15. The electronic device according to claim 14, wherein the step of resolving key idea information corresponding to the obtained information according to the preset structure participle tree corresponding to the obtained information comprises: calculating distances between participles of all preset first key parts of speech and participles of all preset second key parts of speech on the basis of the built preset structure participle trees; respectively finding out the participles, which are closest to the participles of all the preset first key parts of speech, of the preset second key parts of speech, and forming the corresponding key idea information by the participles of all the preset first key parts of speech and the closest participles of the preset second key parts of speech according to the sequence in the obtained information.

16. A computer readable storage medium, which stores at least one computer readable instruction executed by a processing equipment to implement the following operation: obtaining a specific type of information from a pre-determined data source in real time or regularly; performing word segmentation processing on all pieces of the obtained information, and performing part-of-speech tagging on all participles corresponding to all the pieces of the obtained information; building preset structure participle trees by all the participles corresponding to all the pieces of the obtained information according to a participle sequence and parts of speech of all the participles corresponding to all the pieces of the obtained information; after a building of the preset structure participle tree corresponding to one piece of the obtained information is completed, resolving key idea information corresponding to the one piece of the obtained information according to the preset structure participle tree corresponding to the one piece of the obtained information.

17. The computer readable storage medium according to claim 16, wherein the step of performing word segmentation processing on all the pieces of obtained information comprises: matching a character string to be processed in each piece of the obtained information with a universal word dictionary library according to a forward maximum matching method, thus obtaining a first matching result which comprises a first number of first phrases and a third number of single words; matching the character string to be processed in each piece of the obtained information with the universal word dictionary library according to a backward maximum matching method, thus obtaining a second matching result which comprises a second number of second phrases and a fourth number of the single words; if the first number is equal to the second number, and the third number is less than or equal to the fourth number, determining the first matching result as a word segmentation result of the obtained information; if the first number is equal to the second number, and the third number is greater than the fourth number, determining the second matching result as the word segmentation result of the obtained information; if the first number is not equal to the second number, and is greater than the second number, determining the second matching result as the word segmentation result of the obtained information; if the first number is not equal to the second number, and is less than the second number, determining the first matching result as the word segmentation result of the obtained information.

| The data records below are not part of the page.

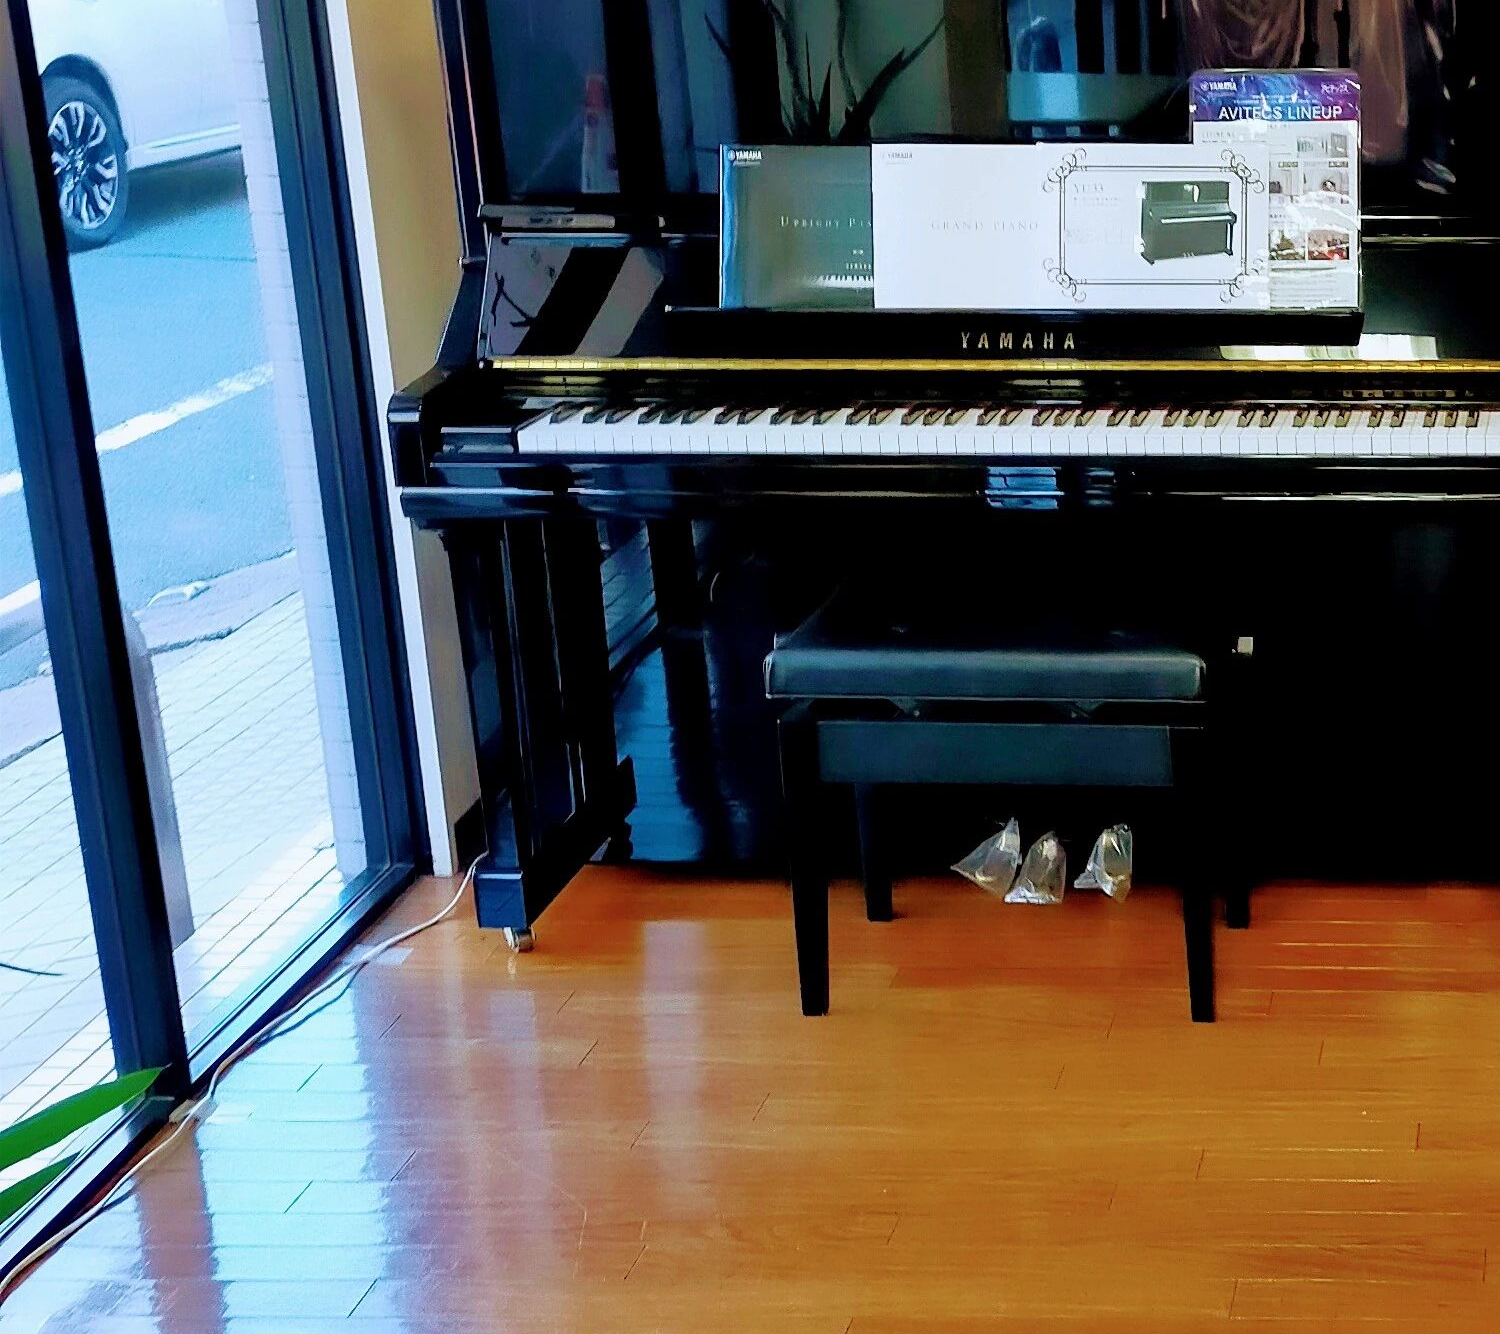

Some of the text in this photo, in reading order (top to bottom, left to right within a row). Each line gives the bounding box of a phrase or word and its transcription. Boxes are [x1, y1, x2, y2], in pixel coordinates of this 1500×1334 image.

[1209, 80, 1237, 91] YAMAHA
[1218, 105, 1343, 120] AVITECS LINEUP
[735, 150, 763, 161] YAMAHA
[930, 220, 1039, 231] GRAND PIANO
[961, 331, 1076, 350] YAMAHA

18. The computer readable storage medium according to claim 16, wherein the step of performing part-of-speech tagging on all the participles corresponding to all the pieces of the obtained information comprises: determining the parts of speech corresponding to all the participles of all the pieces of the obtained information according to mapping relations respectively between words and the parts of speech as well as between phrases and the parts of speech in the universal word dictionary library, and/or, preset mapping relations respectively between the words and the parts of speech as well as between the phrases and the parts of speech; tagging the corresponding parts of speech to all the participles of all the pieces of the obtained information.

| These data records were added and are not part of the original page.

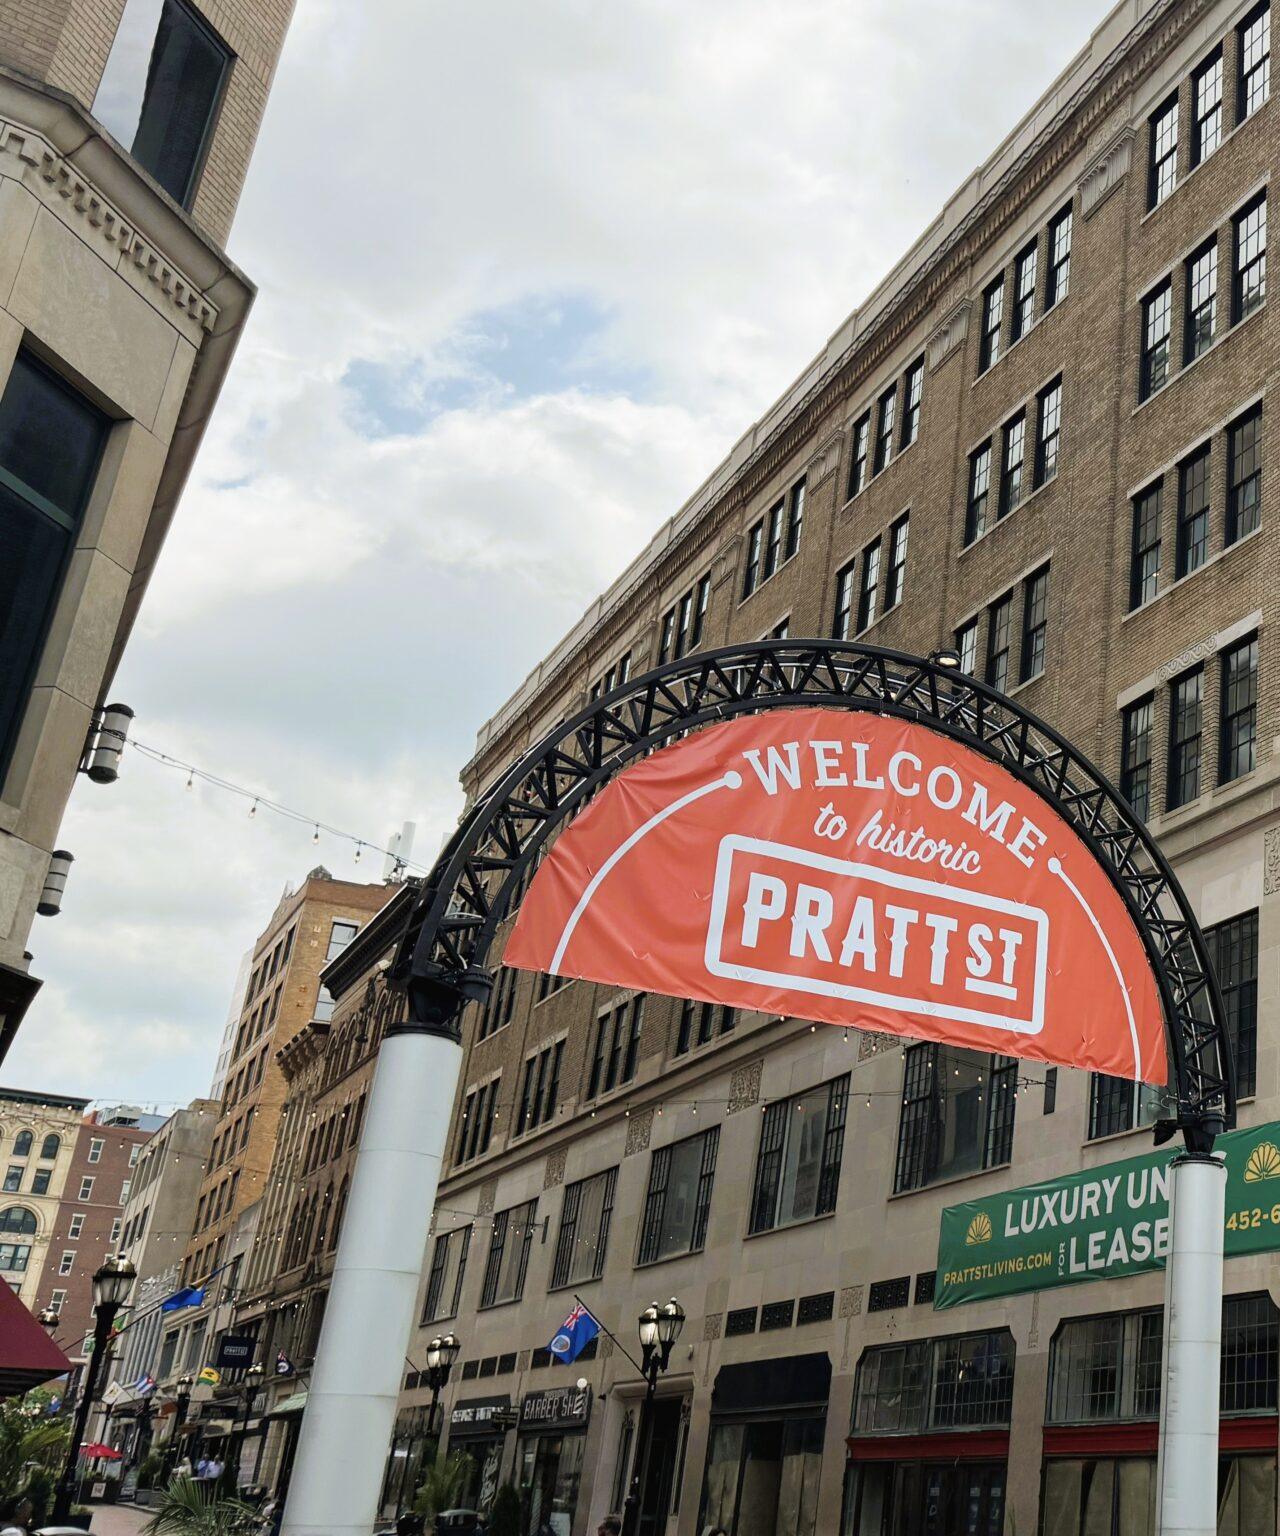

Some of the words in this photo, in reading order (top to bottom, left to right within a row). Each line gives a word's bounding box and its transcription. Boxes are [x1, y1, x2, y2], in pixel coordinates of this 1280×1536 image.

[743, 740, 1050, 868] WELCOME
[814, 801, 847, 841] to
[857, 808, 983, 875] historic
[742, 872, 957, 984] PRATT
[966, 924, 1023, 984] ST
[1004, 1175, 1122, 1238] LUXURY
[943, 1251, 1052, 1287] PRATTSTLIVING.COM
[1058, 1242, 1066, 1276] FOR
[1069, 1217, 1170, 1275] LEASE
[523, 1397, 559, 1420] BARBER
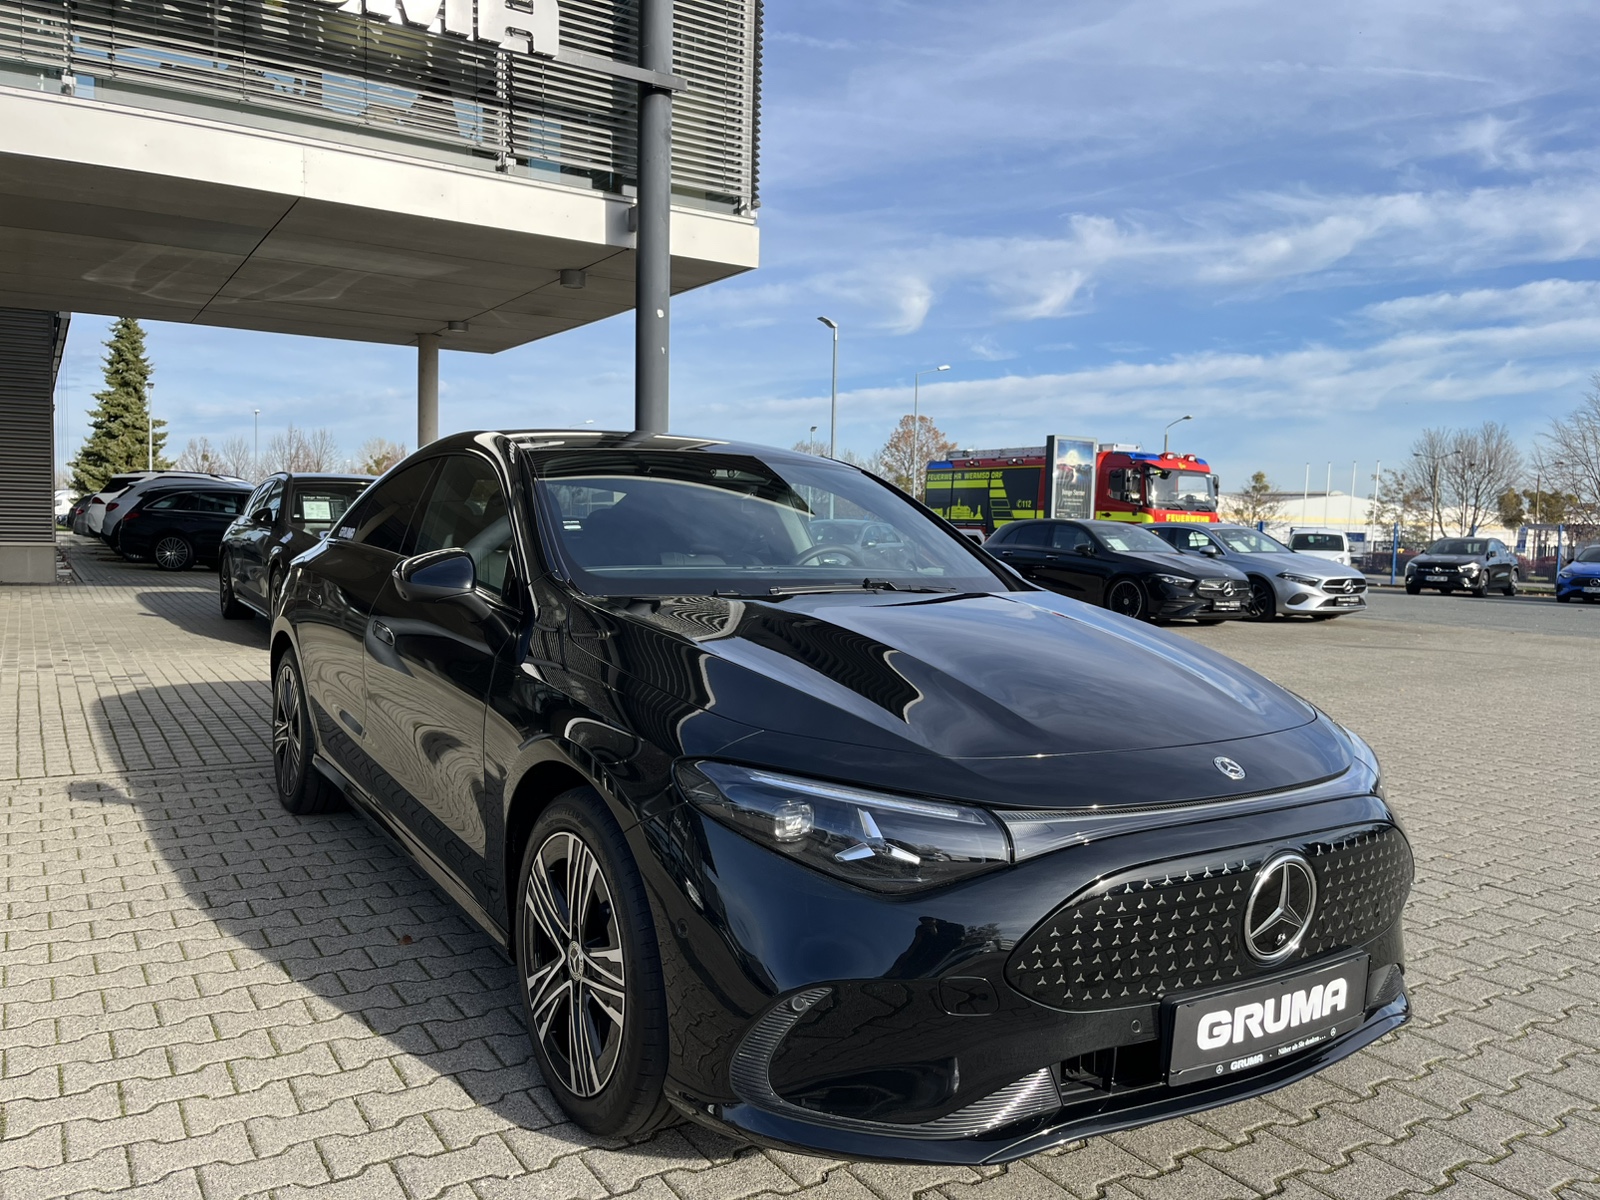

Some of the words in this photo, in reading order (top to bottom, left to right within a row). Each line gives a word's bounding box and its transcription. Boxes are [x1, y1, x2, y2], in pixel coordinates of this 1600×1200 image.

[1166, 513, 1210, 523] FEUERWEHR
[1196, 977, 1348, 1050] GRUMA
[1230, 1054, 1264, 1071] GRUMA

19. The computer readable storage medium according to claim 16, wherein the preset structure participle tree comprises multiple levels of nodes; a first level of the node is each piece of the obtained information, and a second level of the node is a participial phrase; each level of the node after the second level of the node is a next level of a participle or a participial phrase corresponding to an upper level of the node; and the step of building the preset structure participle trees by all the participles corresponding to all the pieces of obtained information according to the participle sequence and the parts of speech of all the participles corresponding to all the pieces of obtained information comprises: A1. finding out the target participles of all the preset parts of speech from all the participles corresponding to all the pieces of obtained information; A2. determining the participial phrases corresponding to all the second levels of the nodes according to the sequence of all the target participles in all the pieces of obtained information; A3. if one participial phrase is not subjected to the further word segmentation, determining that the participial phrase is the last level of the node of the node branch where the participial phrase is positioned; A4. if one participial phrase is subjected to the further word segmentation, finding the out target participles of all the preset parts of speech in the participial phrase, and determining a participle or a participial phrase corresponding to the next level of the node of the participial phrase according to the sequence of all the target participles corresponding to the participial phrase; A5. repeatedly executing the steps A3 and A4 till participles corresponding to the last levels of the nodes of all the node branches are determined.

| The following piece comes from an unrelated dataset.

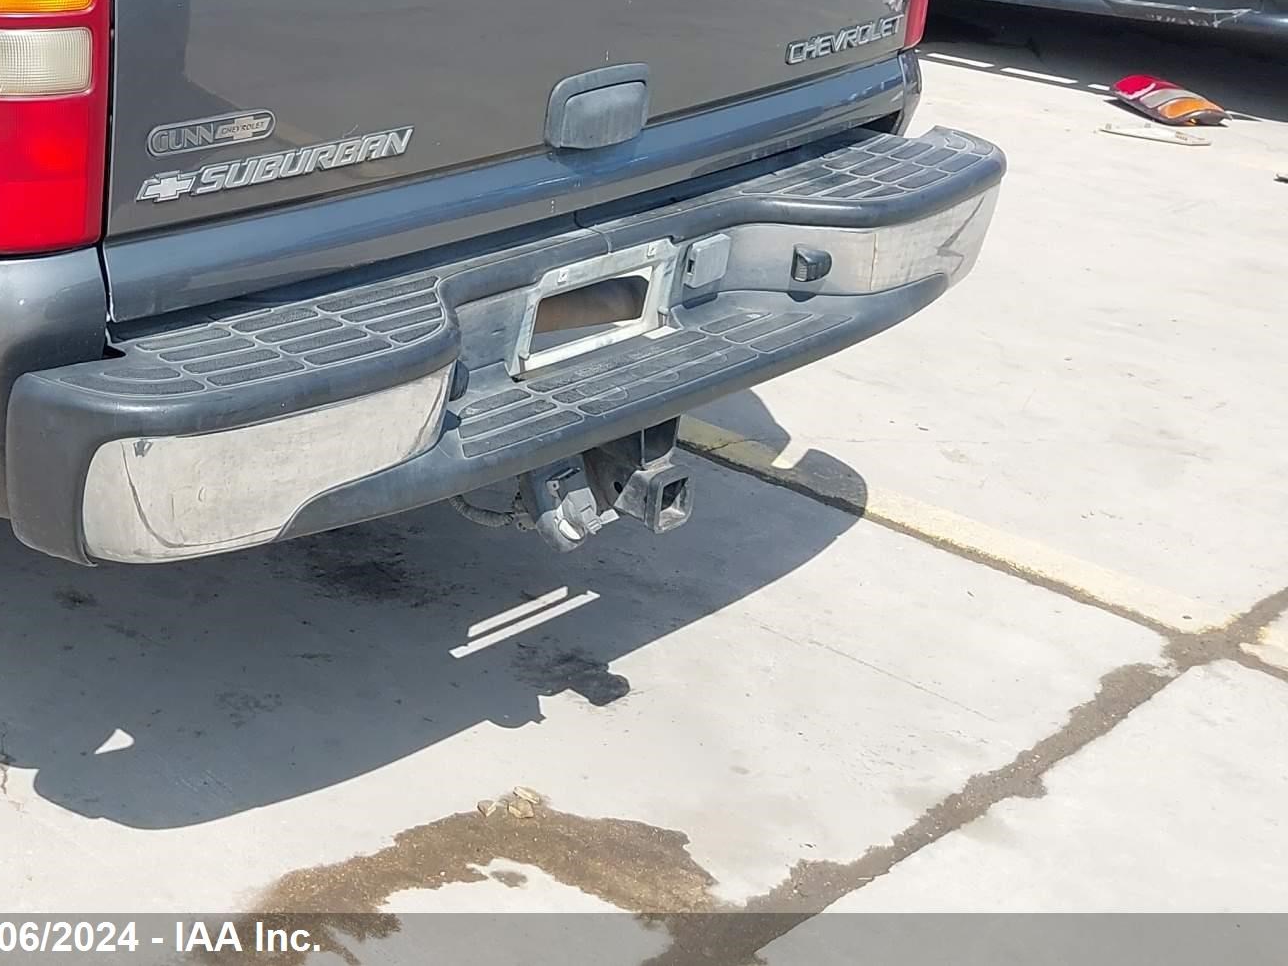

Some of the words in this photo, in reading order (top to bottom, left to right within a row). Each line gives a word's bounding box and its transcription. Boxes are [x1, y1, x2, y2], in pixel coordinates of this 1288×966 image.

[787, 14, 905, 64] CHEVROLET
[150, 122, 215, 152] GUNN
[195, 126, 415, 194] SUBURBAN

20. The computer readable storage medium according to claim 19, wherein the step of resolving key idea information corresponding to the obtained information according to the preset structure participle tree corresponding to the obtained information comprises: calculating distances between participles of all preset first key parts of speech and participles of all preset second key parts of speech on the basis of the built preset structure participle trees; respectively finding out the participles, which are closest to the participles of all the preset first key parts of speech, of the preset second key parts of speech, and forming the corresponding key idea information by the participles of all the preset first key parts of speech and the closest participles of the preset second key parts of speech according to the sequence in the obtained information.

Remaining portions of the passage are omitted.